Lereloth replied dolefully, "And he shan't. Nelos is dead."

Dukov exclaimed, "Like hell you say! Nothing can kill that crazy bastard. I won't believe it until I see his dead body, and not even then!" His booming laughter echoed off the marble walls.

Azazel stepped forward and astutely asked, "What did you do in Russia? Are you an esper?"

Dukov narrowed his eyes at him and replied, "I was head of intelligence agency before apocalypse. After, I brew vodka and run mafia." He regarded the elves suspiciously, "You ask too many questions. I do not know you, and I do not trust anyone who does not have drink in their hand. Cherry!"

Lereloth decided to humor Dukov out of respect for his dealings with Nelos. He thought it likely that he would get a better description of Nelos's last days if he befriended the jocose man. If what he said was true, then Dukov was a first generation esper, but they had yet to discover his talent. He didn't want to resort to using Ingrid. Compelled information was always terse and lacked flavor. He addressed Dukov courteously, "I am Lereloth Vulkeirth, Sybarite captain, and this is Azazel Romlin, my first lieutenant. We came here to speak to Ingrid Burke. But we accept your invitation to carouse, for the sake of amity."

Cherry, a pretty adolescent girl with cropped auburn hair, had donned a diaphanous robe and descended the stairs with a tray of vodka and glass cups. She took it to the table where Ingrid sat and unloaded it there, clearing it of debris. Ingrid thanked her politely, and she took her tray aside, leaning against a pillar and watching the Elder apprehensively.

As the elves approached, Ingrid stood and bowed to them ceremoniously, removing his fedora. "My liege," he intoned sonorously, waiting for Lereloth to speak.

"At ease, Ingrid," Lereloth replied, sitting at the table. "Report. Where is your progress in tracking the target?"
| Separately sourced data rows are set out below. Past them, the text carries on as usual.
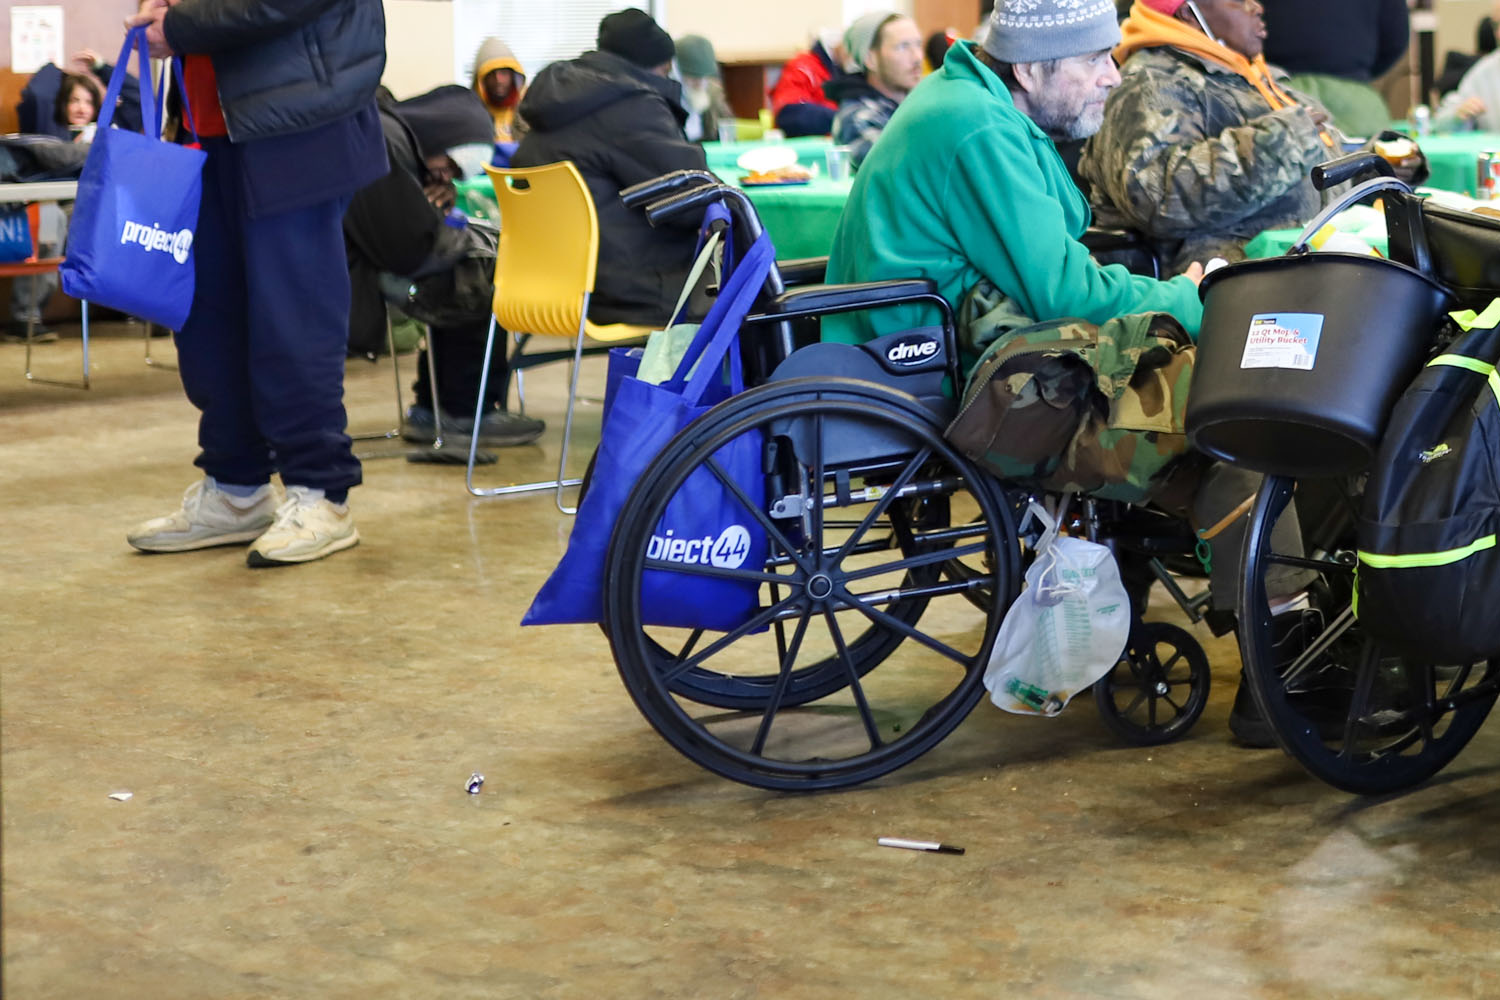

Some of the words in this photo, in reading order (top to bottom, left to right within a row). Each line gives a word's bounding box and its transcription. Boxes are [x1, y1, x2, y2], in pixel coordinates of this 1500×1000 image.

[1261, 329, 1271, 337] Qt
[1293, 328, 1300, 336] &
[1249, 336, 1275, 345] Utility
[1277, 336, 1307, 345] Bucket
[888, 341, 937, 361] drive
[646, 525, 751, 569] oject44
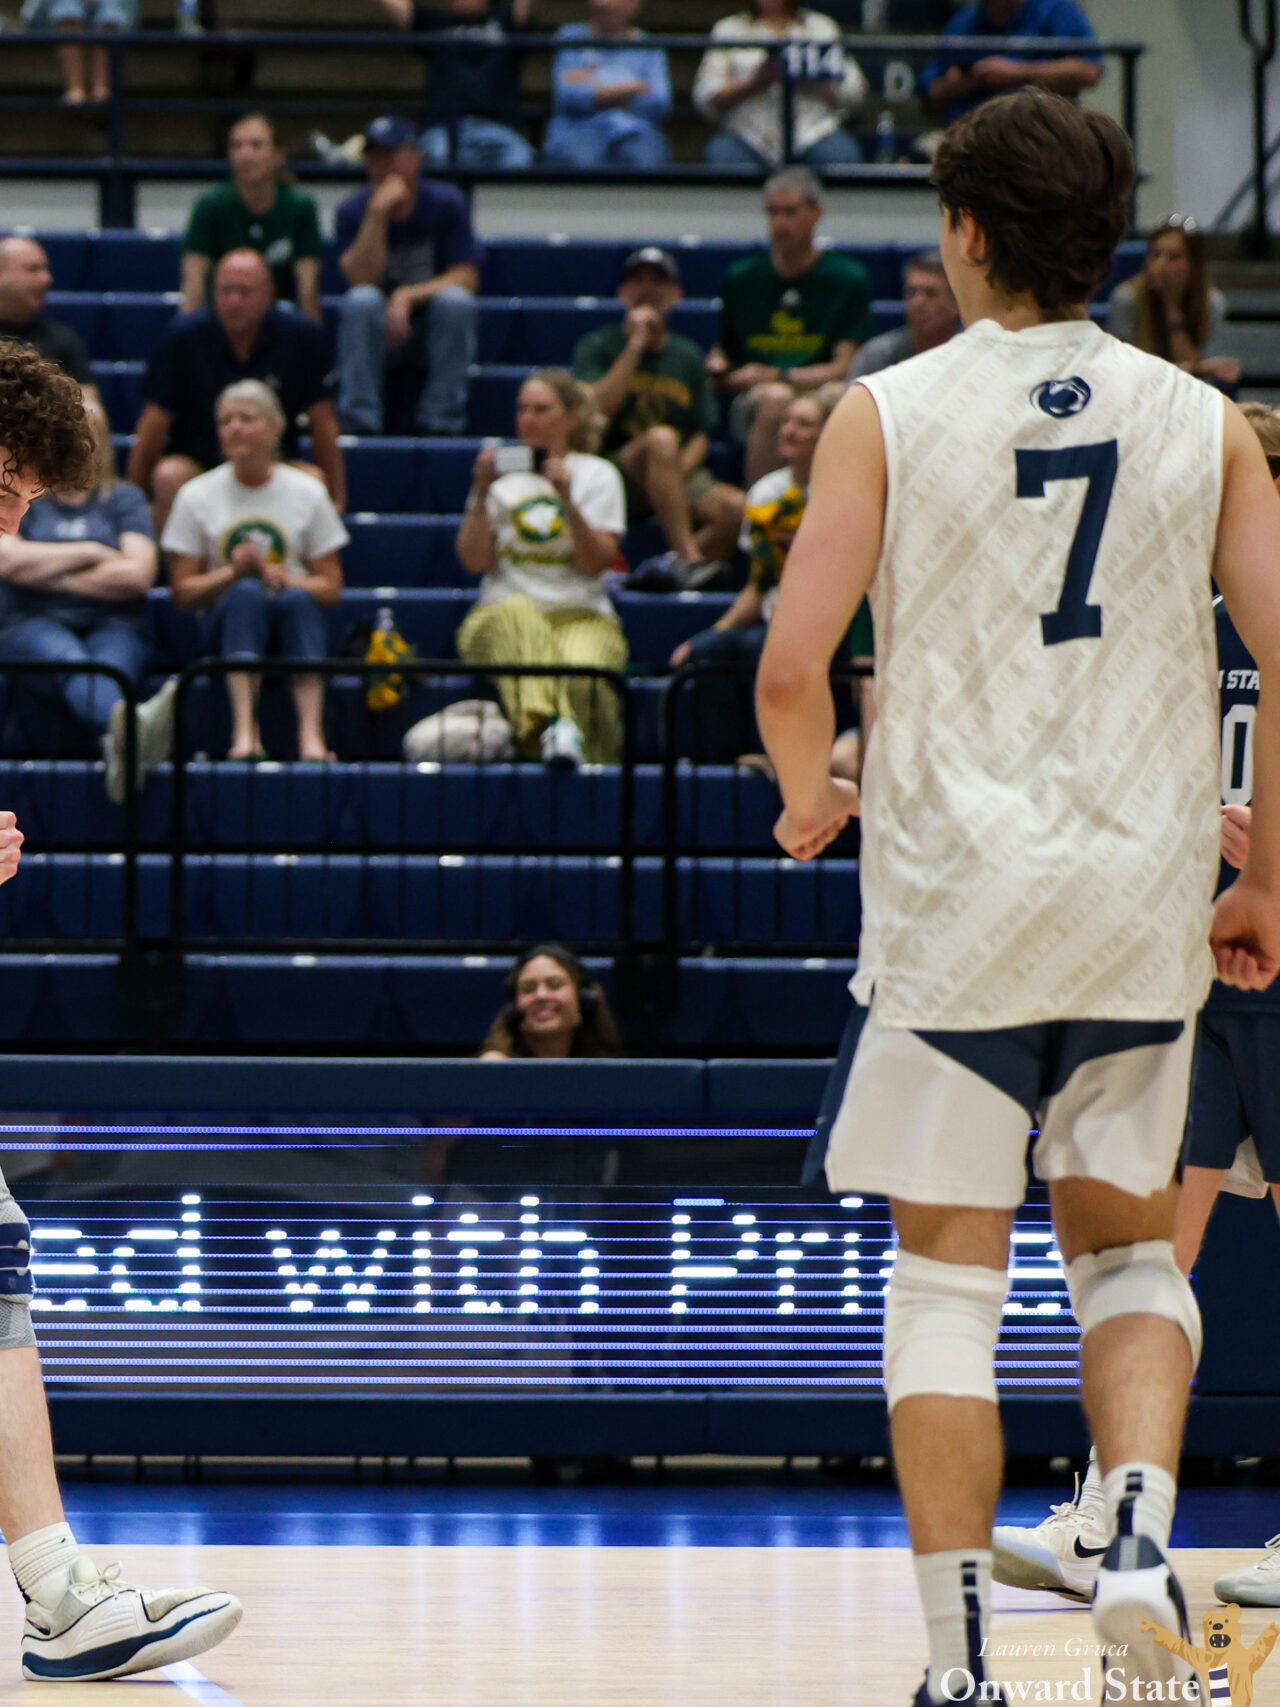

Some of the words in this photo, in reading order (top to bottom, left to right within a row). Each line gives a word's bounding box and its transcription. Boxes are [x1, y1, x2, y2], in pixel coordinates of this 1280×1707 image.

[1014, 437, 1119, 647] 7
[1226, 669, 1260, 690] STA
[265, 1195, 602, 1314] with
[671, 1196, 1068, 1317] Prie
"I have made contact, but I did not mark him." He looked into Lereloth's eyes with profound regret and said, "I must apologize, my liege, but after I saw him eaten alive by a demon, I fled into this dubious sanctuary. I am surprised that you did not encounter the demon. It has been pacing the street outside for the last hour."
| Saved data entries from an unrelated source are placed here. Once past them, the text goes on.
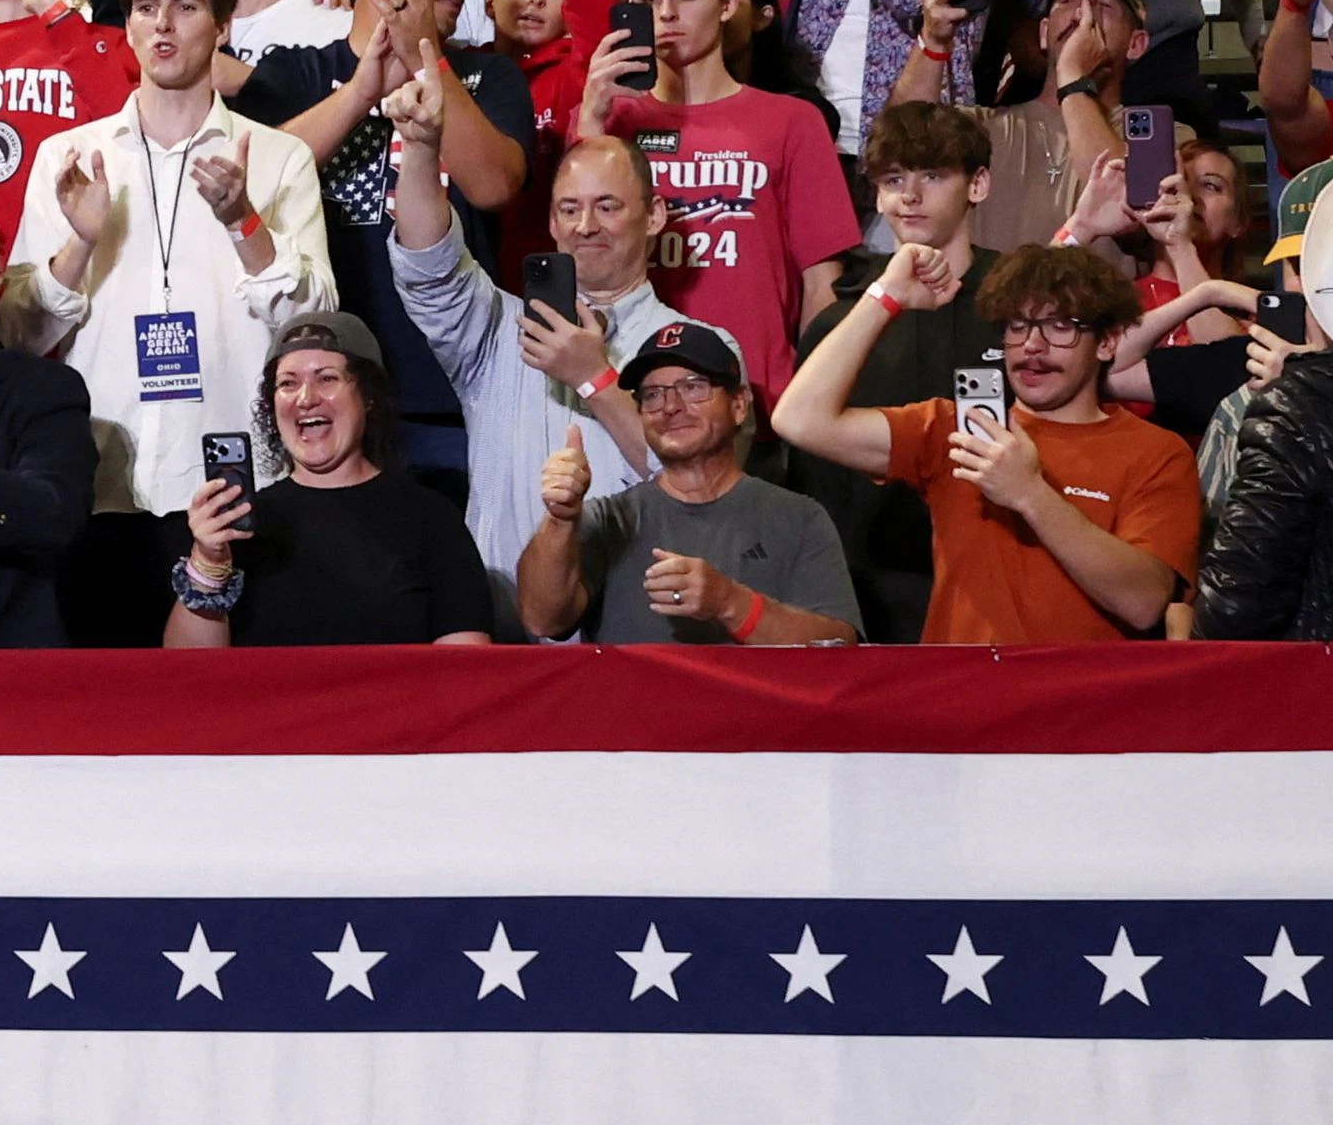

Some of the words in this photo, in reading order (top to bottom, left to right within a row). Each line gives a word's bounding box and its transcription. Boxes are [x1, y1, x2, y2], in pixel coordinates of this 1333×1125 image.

[636, 134, 676, 146] FABER
[693, 150, 749, 162] President
[649, 158, 769, 200] rump
[149, 321, 184, 332] MAKE
[139, 328, 195, 341] AMERICA
[656, 325, 685, 349] C
[147, 338, 188, 349] GREAT
[146, 345, 190, 357] AGAIN!
[156, 363, 181, 372] OHIO
[141, 377, 199, 390] VOLUNTEER
Azazel threw himself into an acrylic chair and smirked boastfully, "You speak of that balrog? Don't surprise yourself; we encountered it as soon as we arrived. And it encountered a volcanic pit of molten fuck-you-up-the-ass forthwith. Mission complete." He dusted his hands and winked at Cherry.

Dukov laughed boisterously and clapped him on the shoulder, pouring him a drink. "You must be teleporter, yes?" he guessed.

Lereloth gritted his teeth and took a deep breath, but before he could censure Azazel, Ingrid spoke, "Well then, all evidence of James's body is burning in the pit of a volcano. I feel as if I am there with him already, sinking beneath the molten, how did you so eloquently phrase it? Fuck you up the ass?" he said dolorously. He rose a cup, not caring what was in it, and declared, "This is our last day on Earth, my eldritch friends, let's get pissed."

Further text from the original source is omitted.